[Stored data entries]
━━━

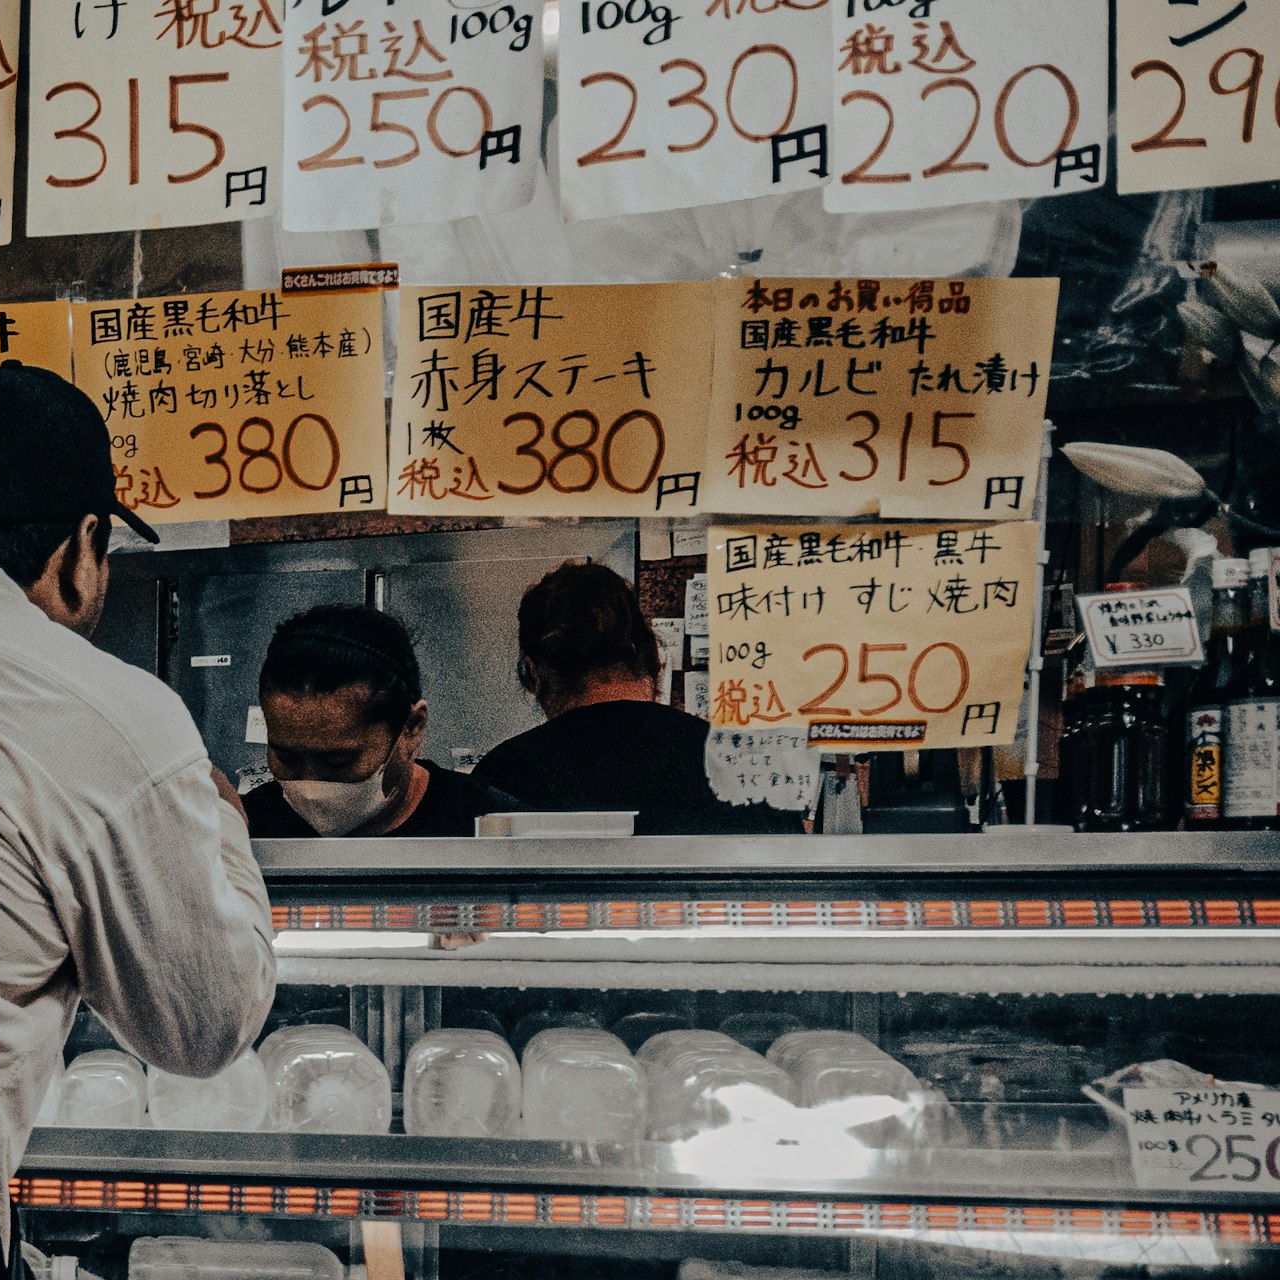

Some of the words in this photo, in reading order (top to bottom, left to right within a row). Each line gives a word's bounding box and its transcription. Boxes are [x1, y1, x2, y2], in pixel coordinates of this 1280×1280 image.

[153, 0, 284, 50] 税込
[296, 18, 454, 84] 税込
[449, 5, 534, 53] 100g
[580, 0, 682, 46] 100g
[838, 20, 977, 76] 税込
[90, 291, 293, 346] 国産黒毛和牛
[417, 286, 564, 344] 国産牛
[740, 279, 971, 315] 本日のお買い得品
[740, 316, 936, 354] 国産黒毛和牛
[102, 369, 316, 422] 焼肉切り落とし
[410, 348, 657, 413] 赤身ステーキ
[754, 357, 883, 400] カルビ
[908, 352, 1041, 398] たれ漬け
[407, 419, 465, 456] 1枚
[735, 402, 804, 431] 100g
[397, 456, 496, 501] 税込
[725, 432, 829, 489] 税込
[717, 581, 826, 622] 味付け
[717, 640, 772, 669] 100g
[711, 678, 793, 727] 税込

━━━

From the first line to the last, set down the records exactly, leaving out images.

● **SOLVED EXERCISE**
Some of the words in this photo, in reading order (top to bottom, left to right within a row). Each line gives a word's bounding box and its transcription. Boxes are [x1, y1, x2, y2], in pixel coordinates of this 1280×1280 image.

[153, 0, 284, 50] 税込
[296, 18, 454, 84] 税込
[449, 5, 534, 53] 100g
[580, 0, 682, 46] 100g
[838, 20, 977, 76] 税込
[90, 291, 293, 346] 国産黒毛和牛
[417, 286, 564, 344] 国産牛
[740, 279, 971, 315] 本日のお買い得品
[740, 316, 936, 354] 国産黒毛和牛
[102, 369, 316, 422] 焼肉切り落とし
[410, 348, 657, 413] 赤身ステーキ
[754, 357, 883, 400] カルビ
[908, 352, 1041, 398] たれ漬け
[407, 419, 465, 456] 1枚
[735, 402, 804, 431] 100g
[397, 456, 496, 501] 税込
[725, 432, 829, 489] 税込
[717, 581, 826, 622] 味付け
[717, 640, 772, 669] 100g
[711, 678, 793, 727] 税込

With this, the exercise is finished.